• **WHAT YOU WILL DO**
Give back every record precisely.

• **DATA RECORDS**
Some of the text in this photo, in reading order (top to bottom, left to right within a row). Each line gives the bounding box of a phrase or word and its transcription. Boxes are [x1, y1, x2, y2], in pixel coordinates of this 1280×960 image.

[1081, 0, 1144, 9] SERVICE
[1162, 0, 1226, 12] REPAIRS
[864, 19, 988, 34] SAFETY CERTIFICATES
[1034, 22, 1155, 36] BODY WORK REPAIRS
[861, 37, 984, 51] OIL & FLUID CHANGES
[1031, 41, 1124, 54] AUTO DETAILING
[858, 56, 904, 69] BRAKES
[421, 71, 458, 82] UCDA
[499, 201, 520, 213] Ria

• **THE COMPLETED TASK**
Some of the text in this photo, in reading order (top to bottom, left to right within a row). Each line gives the bounding box of a phrase or word and its transcription. Boxes are [x1, y1, x2, y2], in pixel coordinates of this 1280×960 image.

[1081, 0, 1144, 9] SERVICE
[1162, 0, 1226, 12] REPAIRS
[864, 19, 988, 34] SAFETY CERTIFICATES
[1034, 22, 1155, 36] BODY WORK REPAIRS
[861, 37, 984, 51] OIL & FLUID CHANGES
[1031, 41, 1124, 54] AUTO DETAILING
[858, 56, 904, 69] BRAKES
[421, 71, 458, 82] UCDA
[499, 201, 520, 213] Ria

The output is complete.